WHAT TO WORK ON -> Please reproduce the listing in its entirety, exactly as written, but without images.

SUPPLIED ENTRIES ->
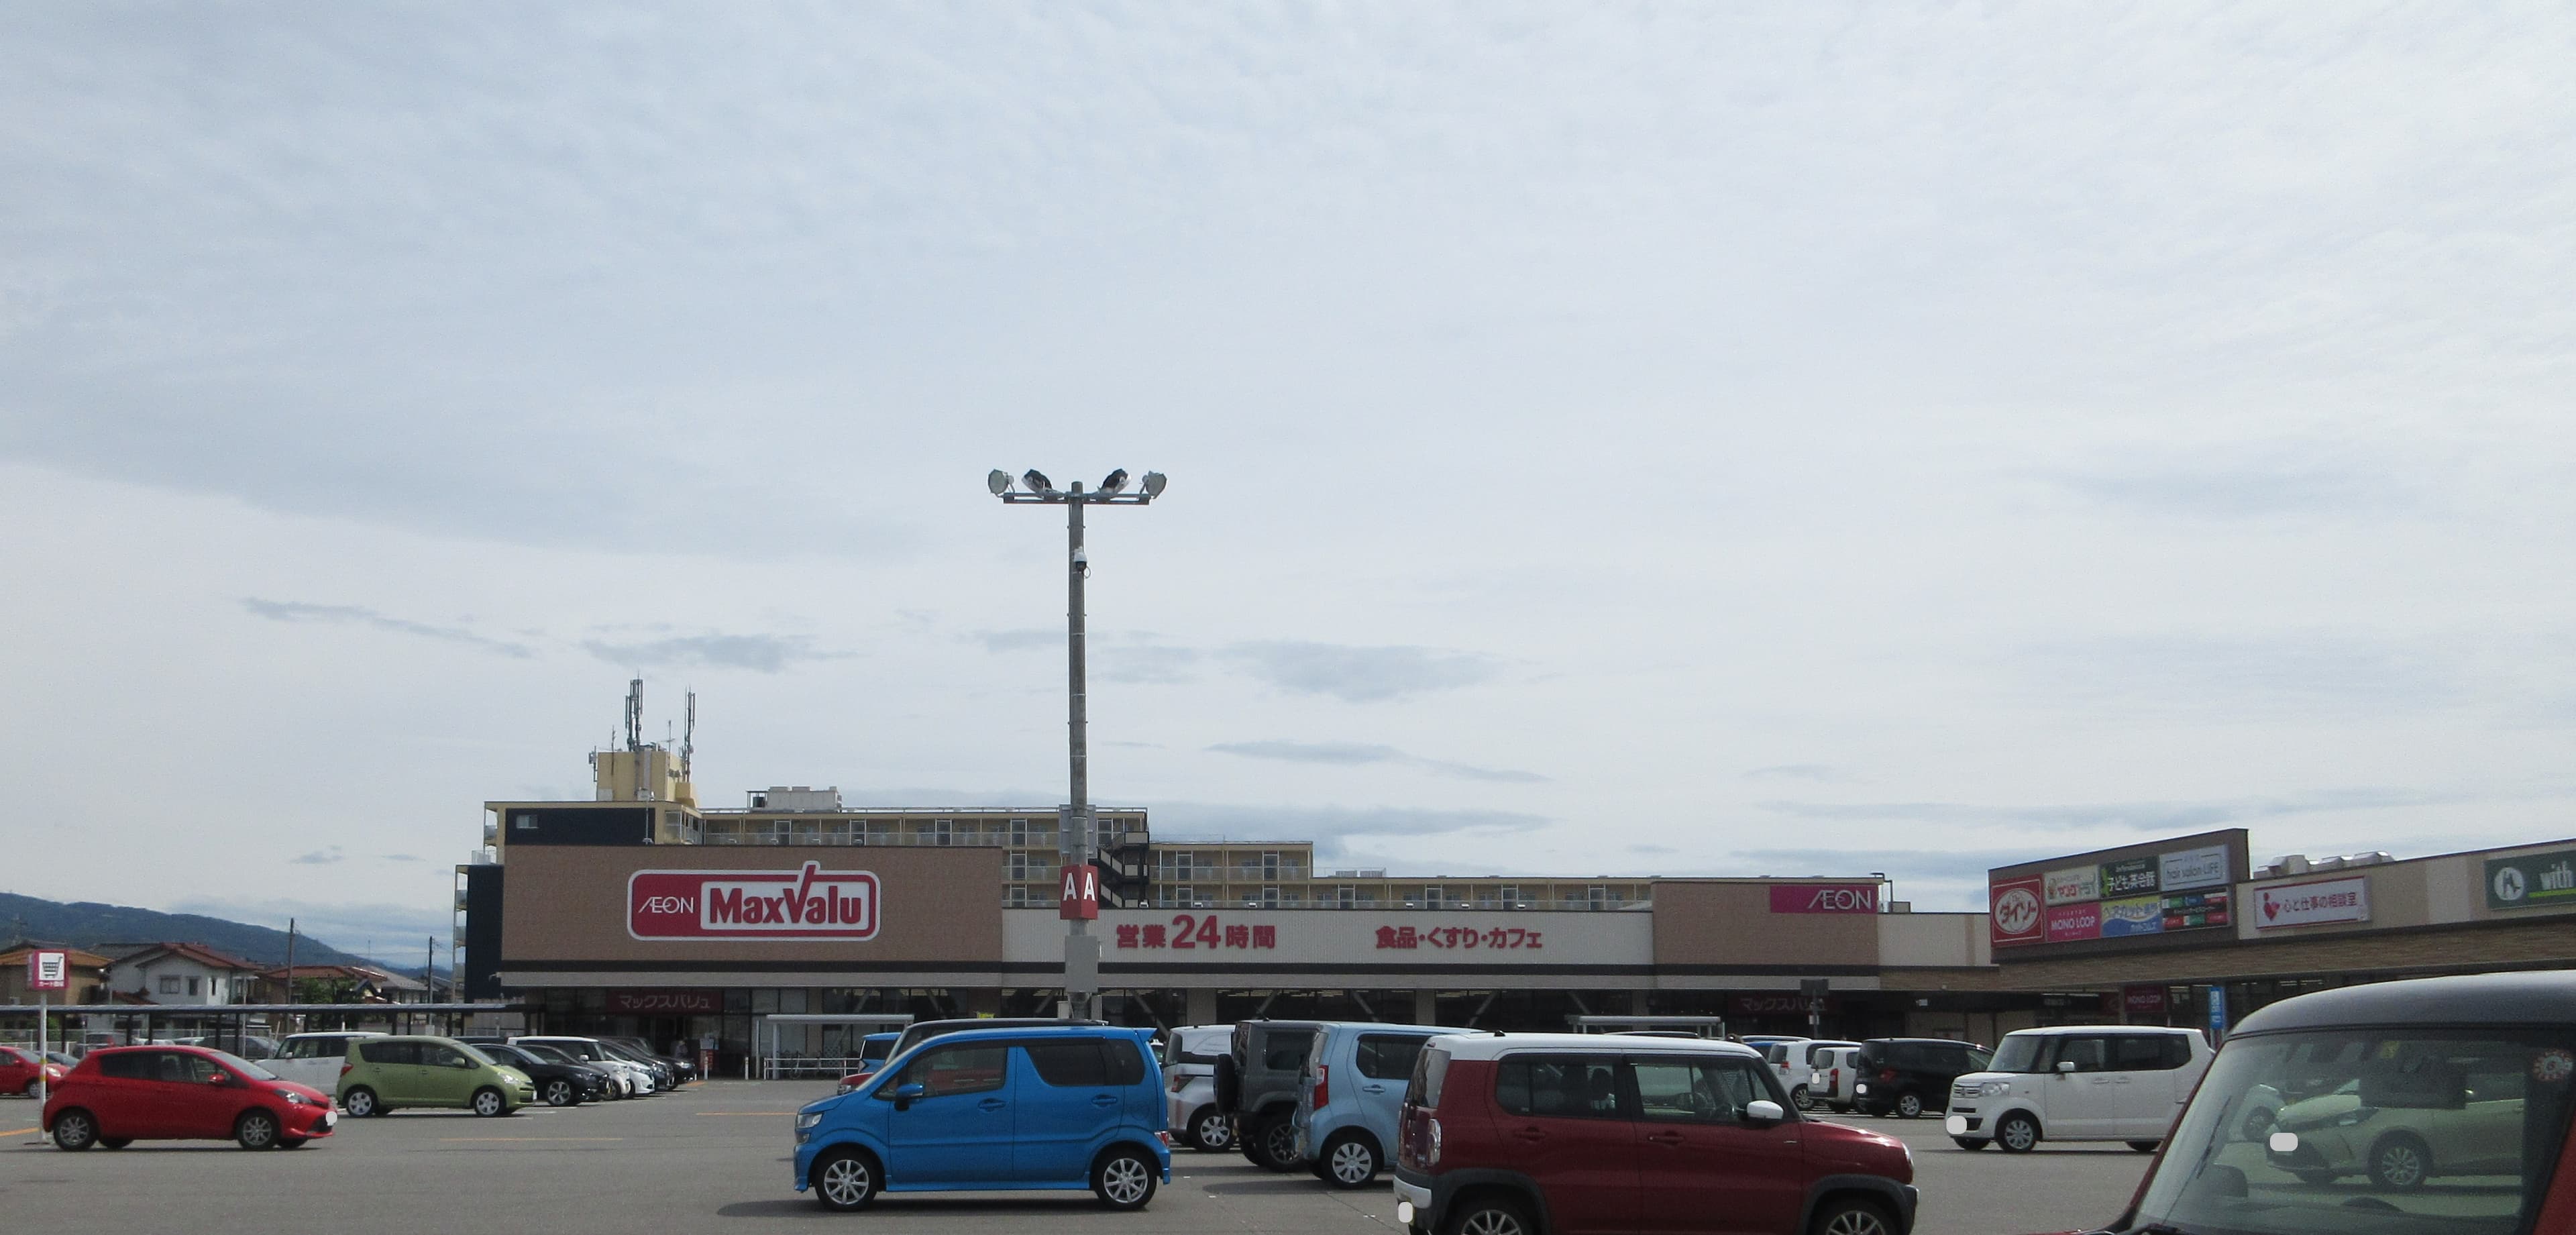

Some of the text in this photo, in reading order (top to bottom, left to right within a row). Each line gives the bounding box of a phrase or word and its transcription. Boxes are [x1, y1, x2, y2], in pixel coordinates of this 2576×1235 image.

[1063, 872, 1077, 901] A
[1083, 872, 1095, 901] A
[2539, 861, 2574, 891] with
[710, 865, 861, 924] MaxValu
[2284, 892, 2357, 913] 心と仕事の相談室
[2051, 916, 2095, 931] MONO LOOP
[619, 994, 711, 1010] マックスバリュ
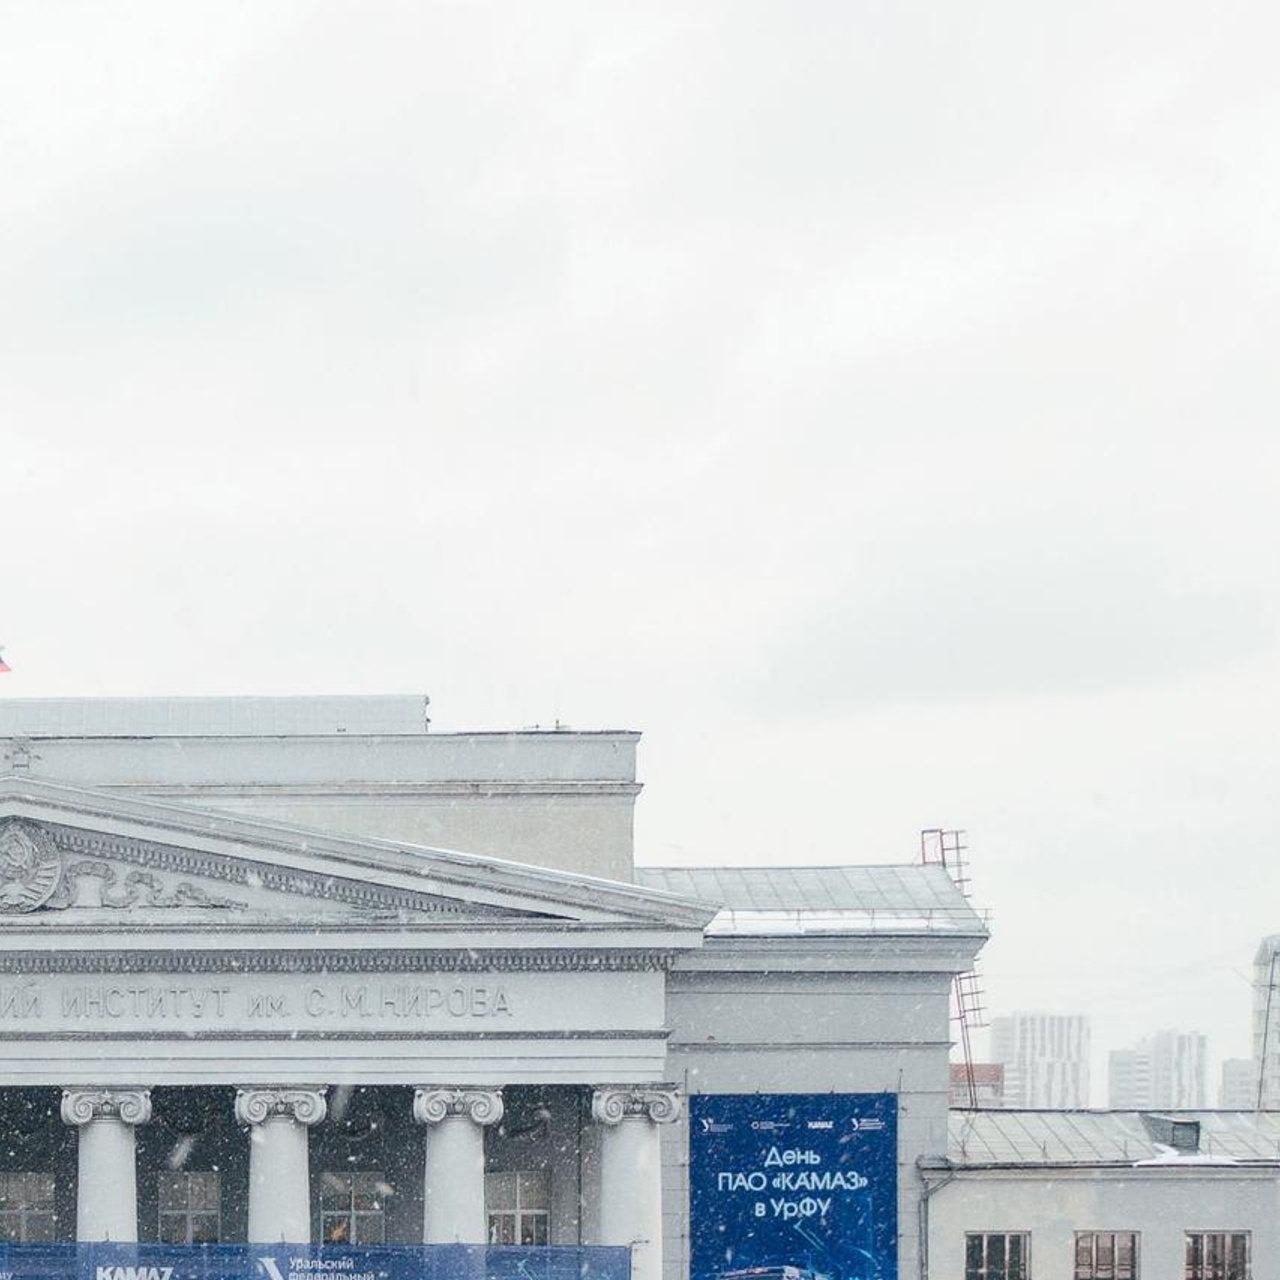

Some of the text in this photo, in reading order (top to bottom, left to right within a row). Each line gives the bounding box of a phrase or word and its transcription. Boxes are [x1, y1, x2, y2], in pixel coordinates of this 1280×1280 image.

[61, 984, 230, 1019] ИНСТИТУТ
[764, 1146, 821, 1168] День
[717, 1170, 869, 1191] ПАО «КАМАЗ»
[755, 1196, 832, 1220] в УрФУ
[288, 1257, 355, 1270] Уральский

EXPECTED ANSWER ->
Some of the text in this photo, in reading order (top to bottom, left to right within a row). Each line gives the bounding box of a phrase or word and its transcription. Boxes are [x1, y1, x2, y2], in pixel coordinates of this 2576×1235 image.

[1063, 872, 1077, 901] A
[1083, 872, 1095, 901] A
[2539, 861, 2574, 891] with
[710, 865, 861, 924] MaxValu
[2284, 892, 2357, 913] 心と仕事の相談室
[2051, 916, 2095, 931] MONO LOOP
[619, 994, 711, 1010] マックスバリュ

Some of the text in this photo, in reading order (top to bottom, left to right within a row). Each line gives the bounding box of a phrase or word and its transcription. Boxes are [x1, y1, x2, y2], in pixel coordinates of this 1280×1280 image.

[61, 984, 230, 1019] ИНСТИТУТ
[764, 1146, 821, 1168] День
[717, 1170, 869, 1191] ПАО «КАМАЗ»
[755, 1196, 832, 1220] в УрФУ
[288, 1257, 355, 1270] Уральский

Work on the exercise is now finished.